What “RAG” actually means

  • A major thread is definitional: some use “RAG” narrowly as “embeddings + vector DB + chunking + top‑K + reranking.”
  • Others insist RAG is a general pattern: any retrieval (BM25, SQL, grep, APIs, tools) that augments LLM generation.
  • This leads to disagreement over claims like “grep isn’t RAG” vs. “grep + LLM is just primitive RAG.”

Grep / agentic search vs traditional RAG

  • Pro‑agentic/grep side:

    • Larger context windows let models read full files/docs; a simple grep/ripgrep loop plus iterative querying often beats complex pipelines for code and some document sets.
    • Agents can chain multiple searches, refine terms, follow references, and write notes/markdown “memory” files, approximating how humans work.
    • Traditional RAG pipelines (chunking, embeddings, vector DBs, rerankers) are fiddly, brittle, and expensive to build and maintain, especially with permissions.
  • Skeptical side:

    • Grep fails on synonyms, paraphrases, and vocabulary mismatch—exactly where embeddings shine.
    • Codebases are a best-case corpus; unstructured enterprise text, regulations, and huge tenders require semantic retrieval and ranking.
    • “Agentic search” typically includes RAG components (hybrid search, embeddings, rerankers); it’s more like “RAG inside a loop” than a replacement.
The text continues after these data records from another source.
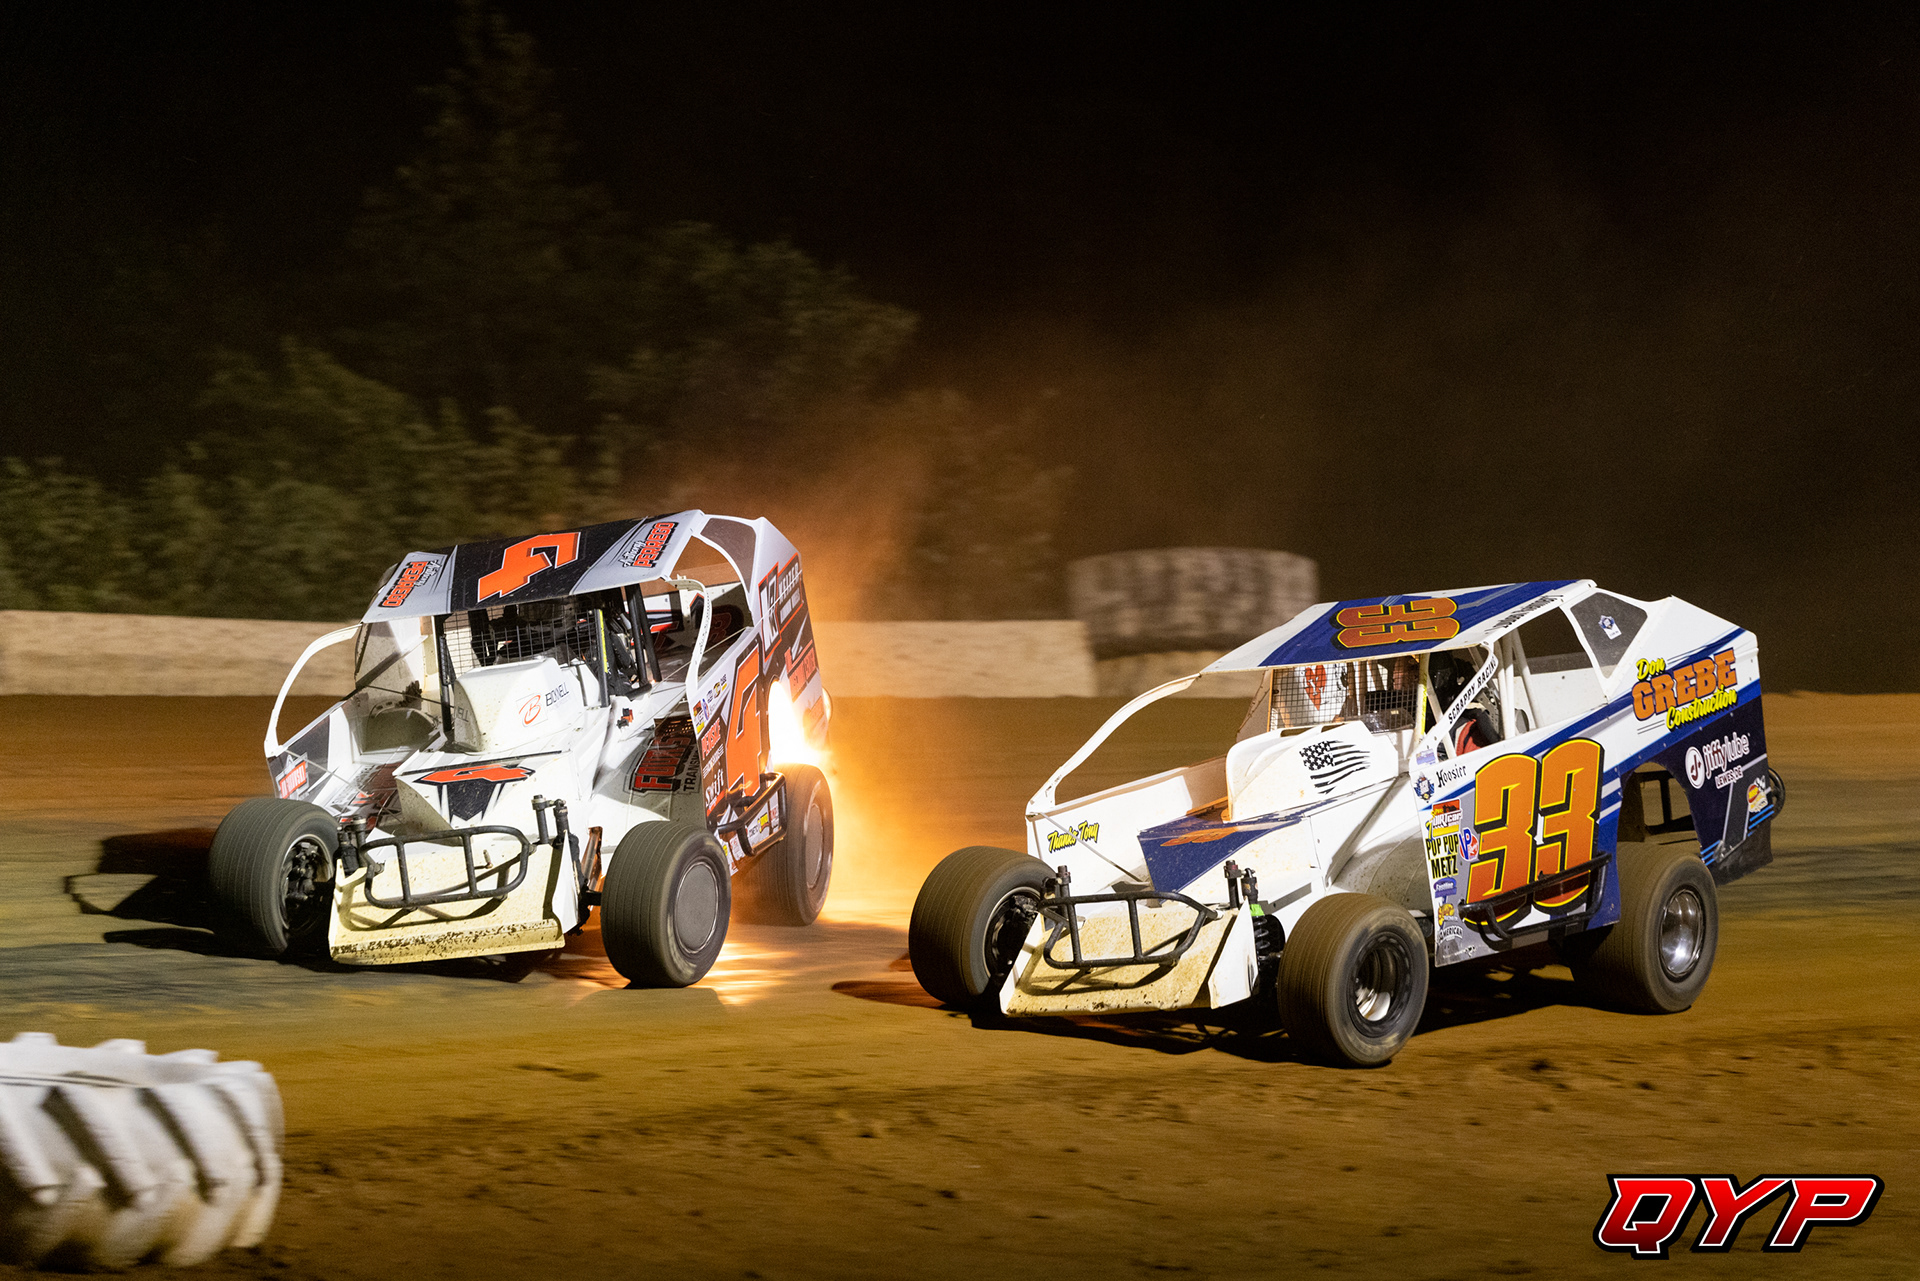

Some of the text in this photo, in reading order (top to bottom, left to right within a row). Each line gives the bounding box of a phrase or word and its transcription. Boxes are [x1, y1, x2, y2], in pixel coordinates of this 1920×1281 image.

[478, 531, 581, 603] 4
[632, 522, 679, 568] PERREGO
[378, 561, 428, 608] PERREGO
[1332, 597, 1461, 649] 33
[1632, 647, 1737, 721] GREBE
[1636, 658, 1666, 681] Don
[726, 648, 761, 798] 4
[1448, 683, 1475, 724] SCRAPPY
[1666, 684, 1738, 732] Construction
[701, 717, 721, 761] PENSKE
[1436, 764, 1466, 788] Hoosier
[1047, 820, 1099, 853] Thanks Tony
[1425, 836, 1441, 860] POP
[1443, 833, 1459, 854] POP
[1459, 828, 1472, 860] VP
[1465, 738, 1604, 926] 33
[1430, 855, 1458, 879] METZ
Scale, cost, and context windows

  • Commenters stress scaling limits: millions of docs, trillion-token corpora, or billion-token tenders can’t just be “thrown into context,” even with 1–10M token windows.
  • Context rot, latency, and cost remain hard constraints; embeddings and rerankers are still valuable for narrowing from millions to dozens.
  • Some argue LLM costs are trending down; others note energy costs, capex, and lack of profitability mean “near zero” is unlikely for cutting-edge models.

Consensus-ish views

  • Top‑K/vector‑only RAG is increasingly inadequate on its own.
  • Future systems will blend: agentic workflows, multiple retrieval tools (including grep), hybrid/graph RAG, and smarter orchestration—retrieval isn’t dead, but its role is changing.